La forma teatrale è desueta, non a caso si parla di Mistero, di cui è ripresa la messa in scena. L'azione non è mostrata, bensì raccontata a posteriori, a parte la danza sui carboni ardenti, il supplizio sull'arpa e il martirio finale. Tuttavia, tutto è accompagnato da uno spartito posato, mai incalzante o turbolento, che sospinge lo spettatore al distacco emotivo e alla mera osservazione estetica, come dinnanzi a un quadro, o meglio, a una Via Crucis dipinta. Partendo dal presupposto che la storia è già nota, l'autore sceglie di puntare sul "come".
Linguisticamente parlando, D'Annunzio si esprime in un francese arcaico, sebbene non duecentesco. Nel testo in ottonari s'individua una falsariga di sintassi italiana, mentre a detta del Contini, è possibile rintracciarvi un'inclinazione macaronica.
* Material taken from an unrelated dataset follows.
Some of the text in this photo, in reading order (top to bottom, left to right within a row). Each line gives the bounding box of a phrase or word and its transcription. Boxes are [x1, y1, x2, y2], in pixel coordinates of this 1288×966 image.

Una vena di sadomasochismo è percepibile in tutta l'opera, in particolare nel terzo atto, in cui il Santo diventa oggetto del fanatismo estetico dell'Imperatore, o nel generico patetismo di cui il ragazzo è costantemente rivestito, o ancora nell'insistenza con cui questi implora il martirio. A tal proposito il De Michelis individua un'analogia con La Nave, nella vicenda di Basiliola e i prigionieri.
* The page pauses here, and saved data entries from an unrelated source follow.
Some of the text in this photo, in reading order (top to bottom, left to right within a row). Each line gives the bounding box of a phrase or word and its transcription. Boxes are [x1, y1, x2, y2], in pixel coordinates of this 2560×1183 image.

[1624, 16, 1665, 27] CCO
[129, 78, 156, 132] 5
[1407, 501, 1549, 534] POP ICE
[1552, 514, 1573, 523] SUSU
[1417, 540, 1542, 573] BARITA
Calcando sull'idea di un'arte multisensoriale D'Annunzio ripropone qui l'aspirazione wagneriana delle arti che convergono, già propugnata in passato da lui stesso ne Il Fuoco. E difatti nel Martirio di San Sebastiano vanno a incontrarsi letteratura, musica, danza, recitazione e arte figurativa.
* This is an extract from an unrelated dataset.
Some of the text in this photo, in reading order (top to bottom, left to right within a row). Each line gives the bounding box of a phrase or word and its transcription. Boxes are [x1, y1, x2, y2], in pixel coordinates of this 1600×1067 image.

In ultimo, è da considerare l'elevato numero d'interpreti presenti in scena (a detta dell'autore, circa quattrocento[10]), forti di una rappresentazione corale e collettiva che mira ad annullare le identità singole in un concetto di unanimità puramente cristiano. Tra i vari cori si enumerano il Chorus Martyrum, il Chorus Virginum, il Chorus Apostolorum e il Chorus Santorum Omnium.
Si riscontrano collegamenti tematici e stilistici tanto con l'opera di Flaubert (La tentazione di sant'Antonio), quanto con Swinburne e Oscar Wilde (la famosa Salomè).[11]
Il Sebastiano dannunziano, assieme al corrispondente Iokanaan di Wilde, ha contribuito a creare una visione più prettamente profana dell'iconografia di determinati santi, quando non ambigua. Il giovane arciere, in particolare, è andato incontro negli ultimi anni a un processo di elevazione a icona espressamente omoerotica. In ciò l'operato di D'Annunzio non ha avuto un ruolo di margine. Tra le numerose rappresentazioni artistiche di tal sorta, spicca Sebastiane, lungometraggio del 1976 di Derek Jarman.
Due ottavini, due flauti, due oboi, corno inglese, tre clarinetti, clarinetto basso, tre fagotti, sei corni, due trombe, due arpe, timpani, archi.